**EXERCISE DETAILS**: When you copy the records, keep every word exact and leave the pictures out.
►
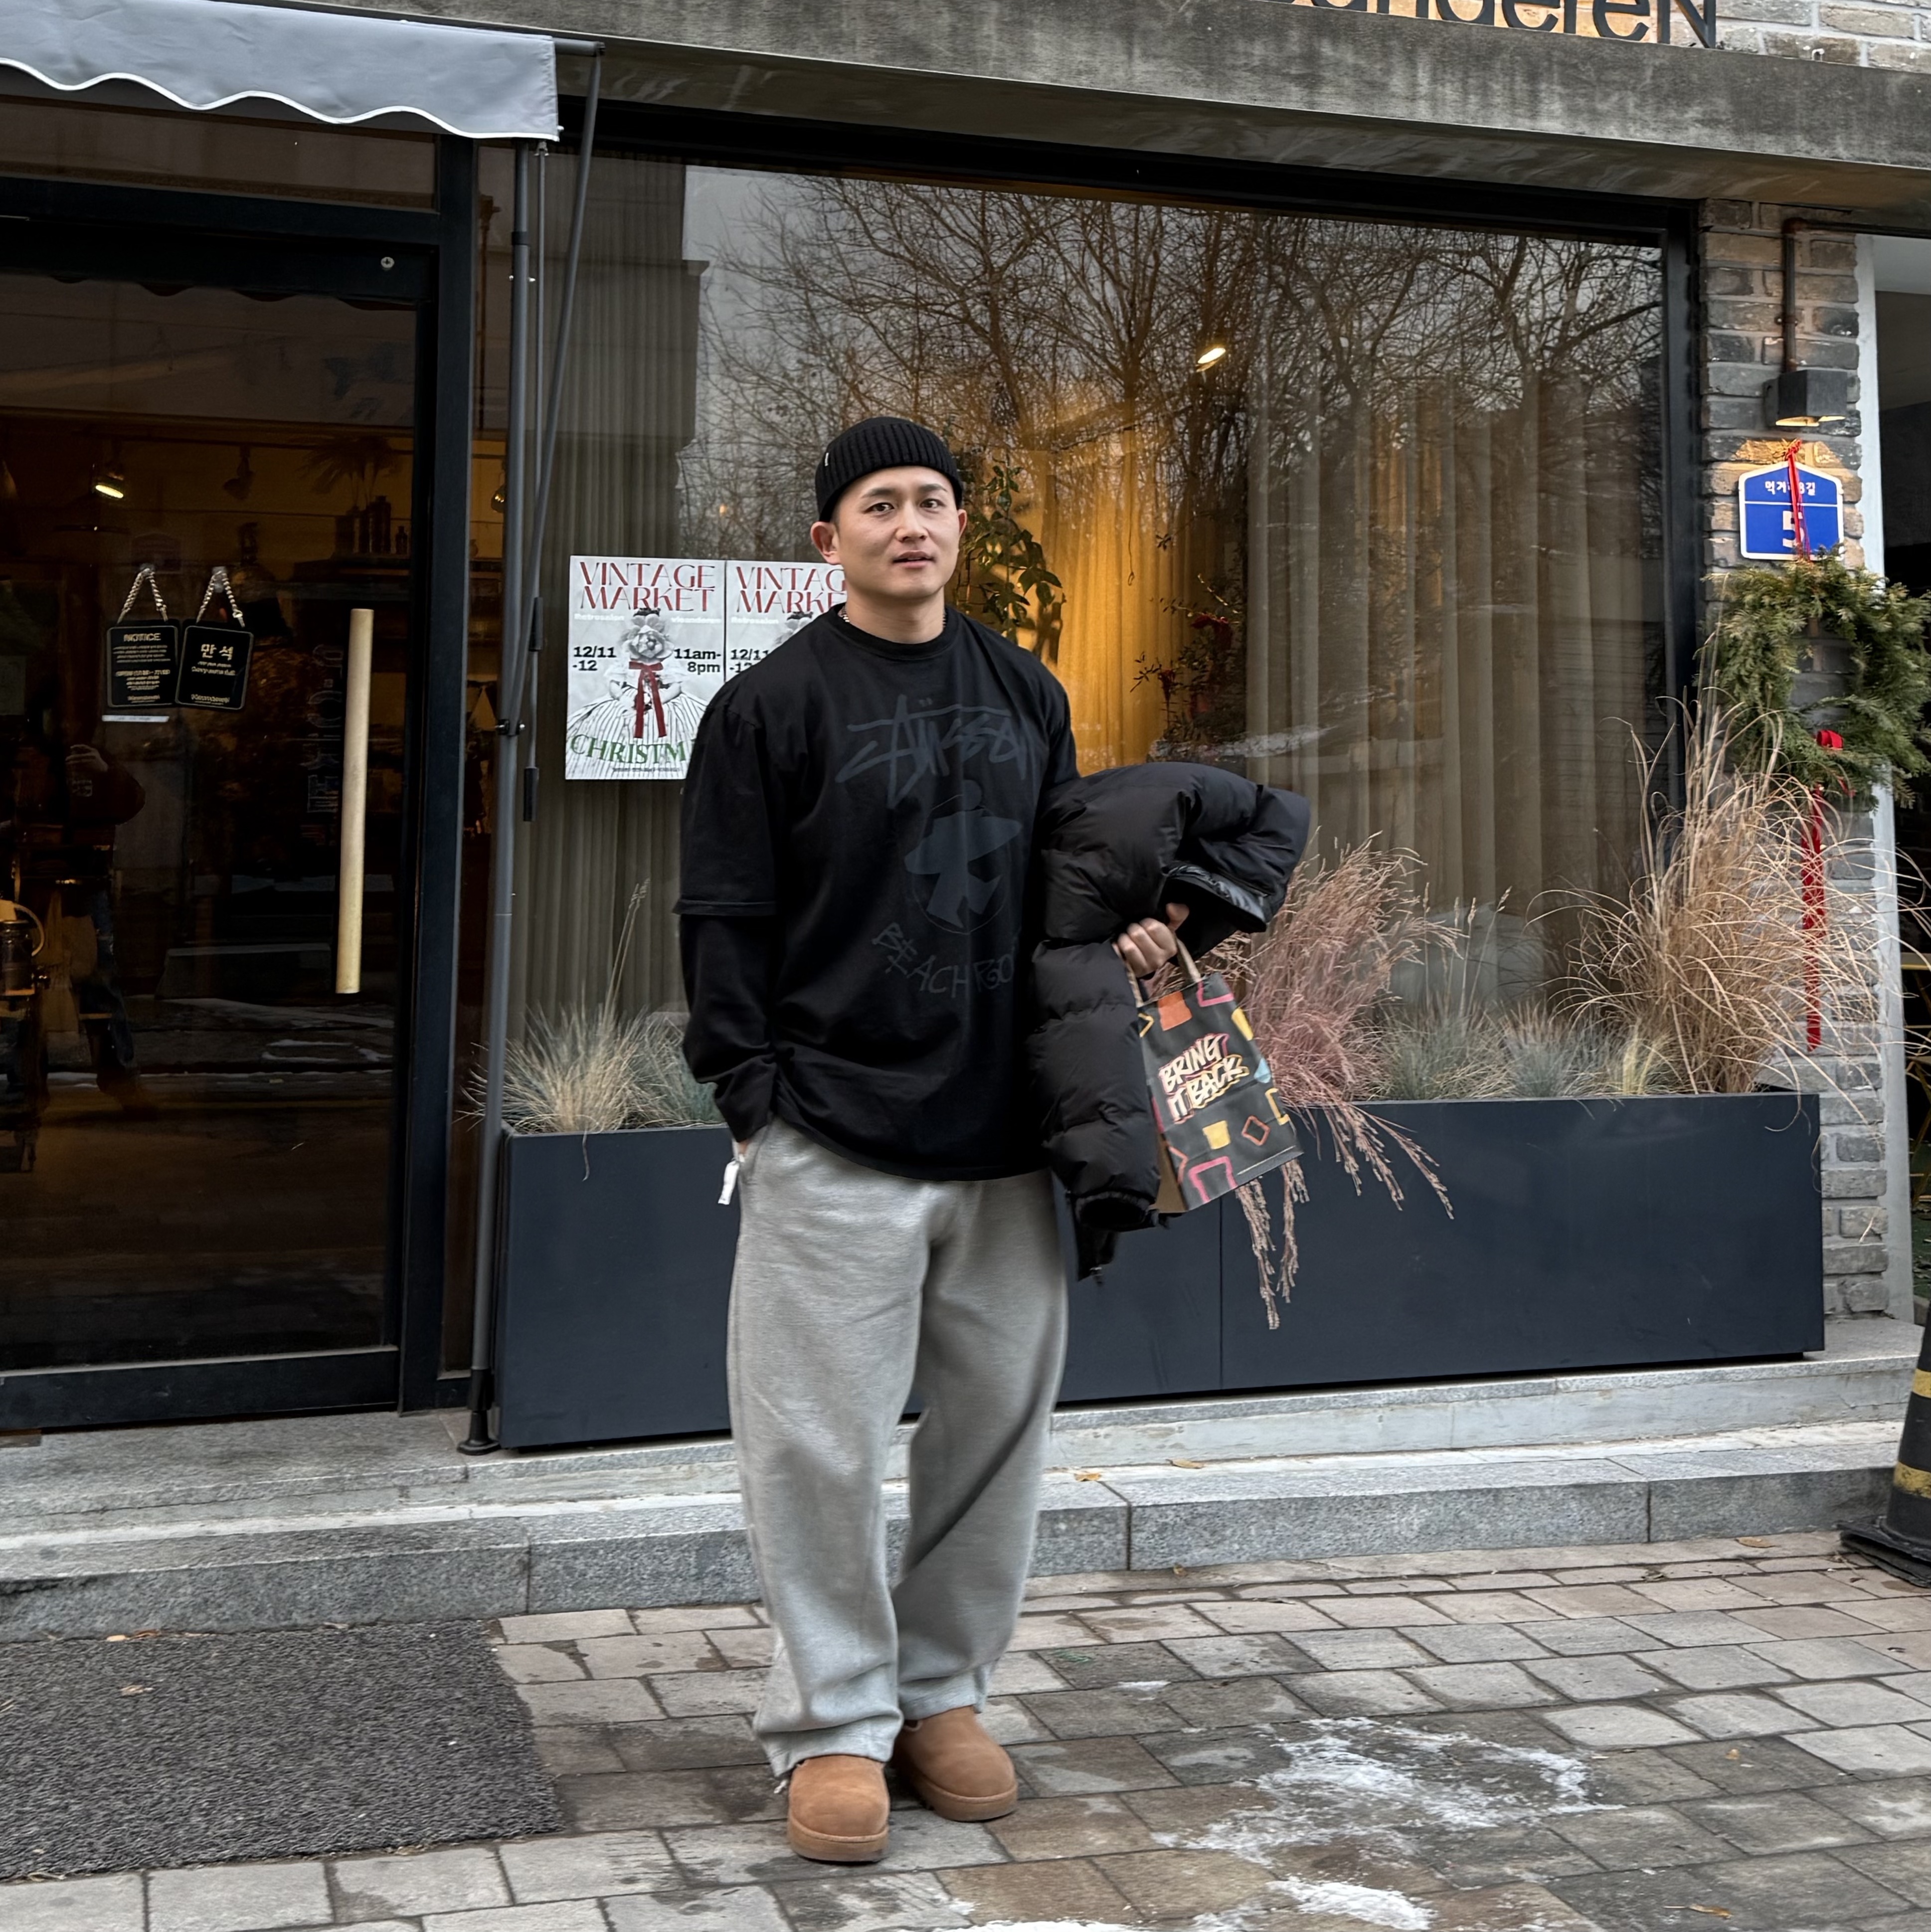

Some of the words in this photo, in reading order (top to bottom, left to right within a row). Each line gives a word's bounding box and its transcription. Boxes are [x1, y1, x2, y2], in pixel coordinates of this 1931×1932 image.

[1765, 481, 1815, 496] 먹거8길
[1783, 510, 1805, 548] 5
[580, 562, 715, 589] VINTAGE
[581, 586, 714, 611] MARKET
[124, 633, 161, 642] NOTICE
[574, 647, 616, 658] 12/11
[674, 649, 721, 660] 11am-
[572, 661, 598, 671] -12
[688, 662, 720, 675] 8pm
[571, 734, 697, 764] CHRISTM
[1159, 1034, 1229, 1095] BRING
[1186, 1054, 1249, 1108] BACK
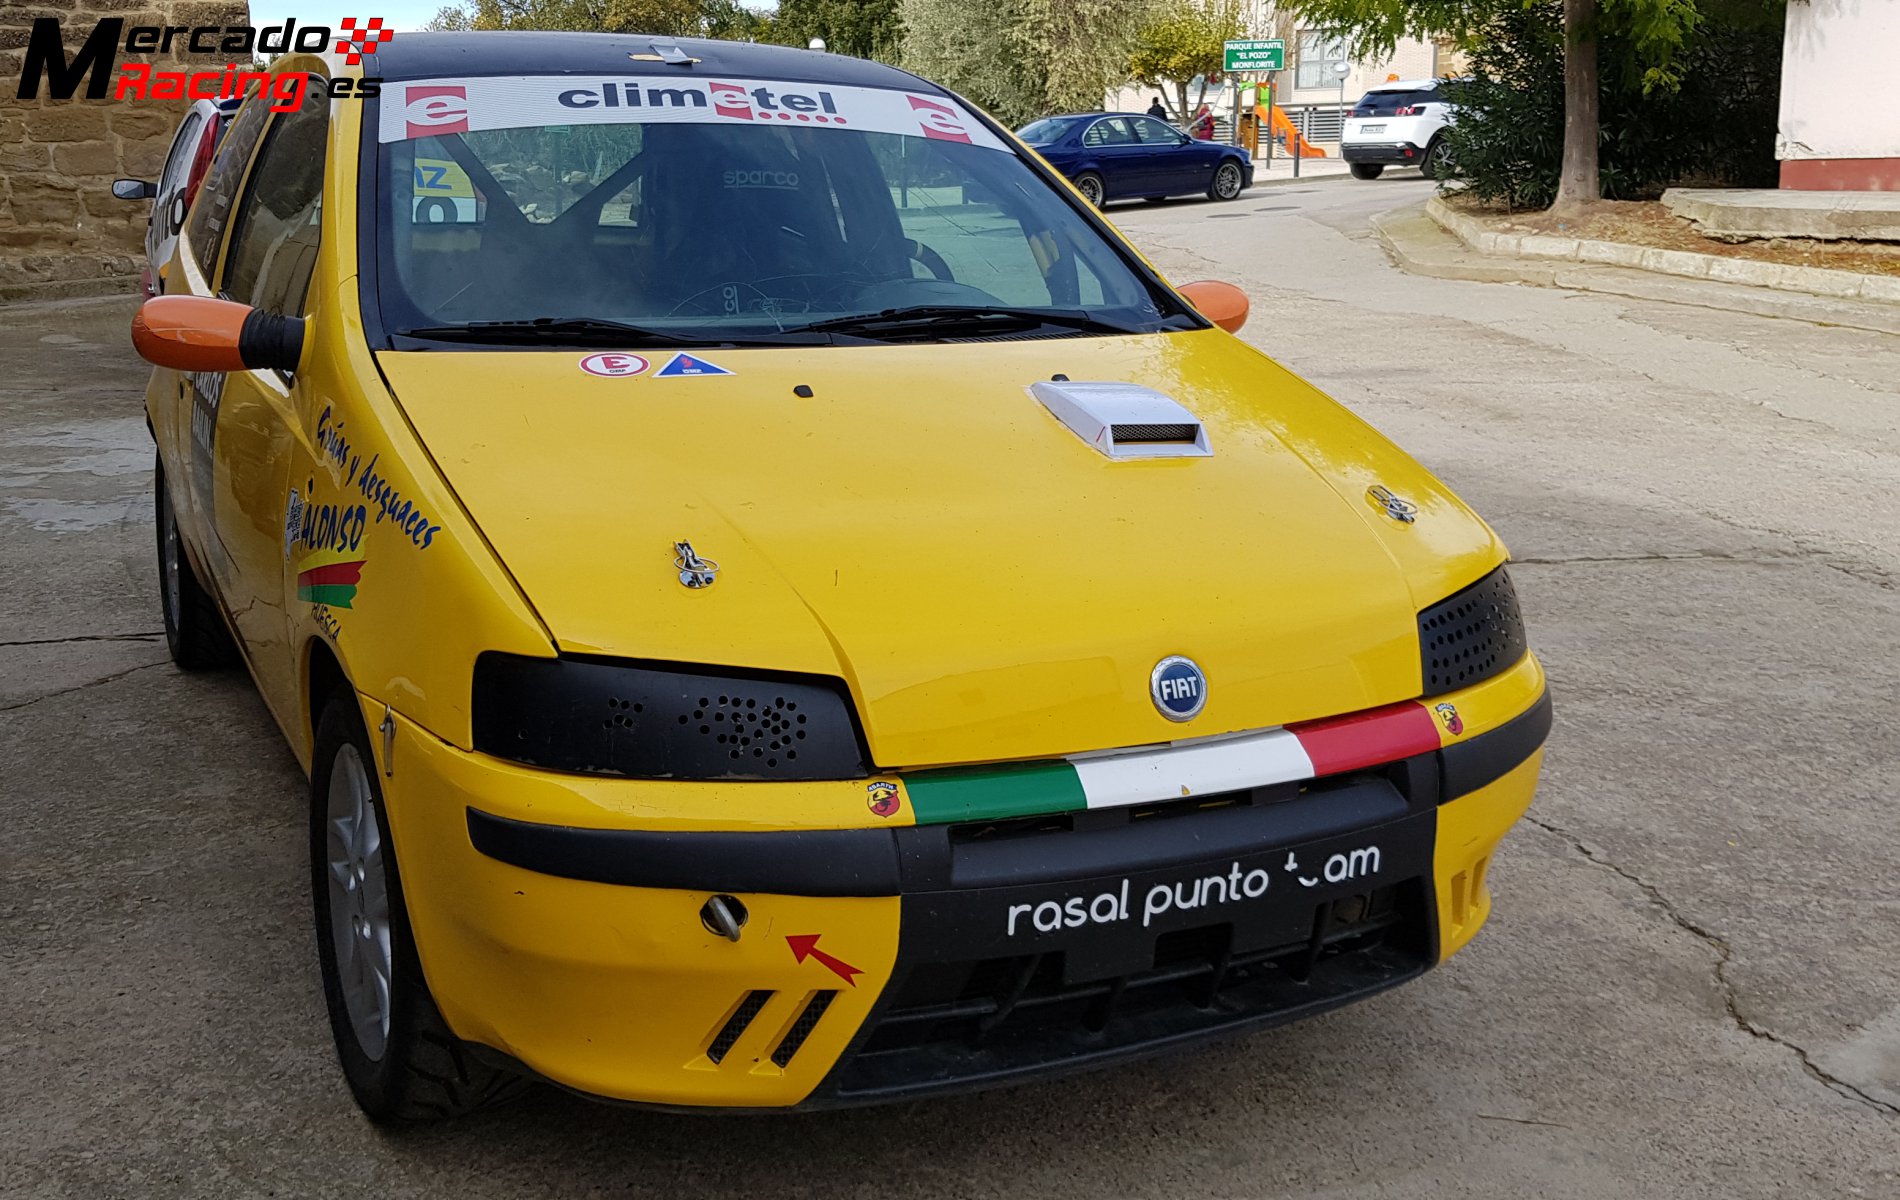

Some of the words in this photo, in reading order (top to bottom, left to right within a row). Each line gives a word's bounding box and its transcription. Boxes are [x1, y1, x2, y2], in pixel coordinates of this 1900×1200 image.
◄
**YOUR RESPONSE**:
Some of the words in this photo, in reading order (top to bottom, left to right within a row). Each line gives a word's bounding box and its transcription. Boxes are [x1, y1, x2, y2], in pixel coordinates of this 1931×1932 image.

[1765, 481, 1815, 496] 먹거8길
[1783, 510, 1805, 548] 5
[580, 562, 715, 589] VINTAGE
[581, 586, 714, 611] MARKET
[124, 633, 161, 642] NOTICE
[574, 647, 616, 658] 12/11
[674, 649, 721, 660] 11am-
[572, 661, 598, 671] -12
[688, 662, 720, 675] 8pm
[571, 734, 697, 764] CHRISTM
[1159, 1034, 1229, 1095] BRING
[1186, 1054, 1249, 1108] BACK

Some of the words in this photo, in reading order (top to bottom, left to right within a row). Each line gives a word's bounding box and its transcription. Boxes are [x1, y1, x2, y2], in pixel coordinates of this 1900×1200 image.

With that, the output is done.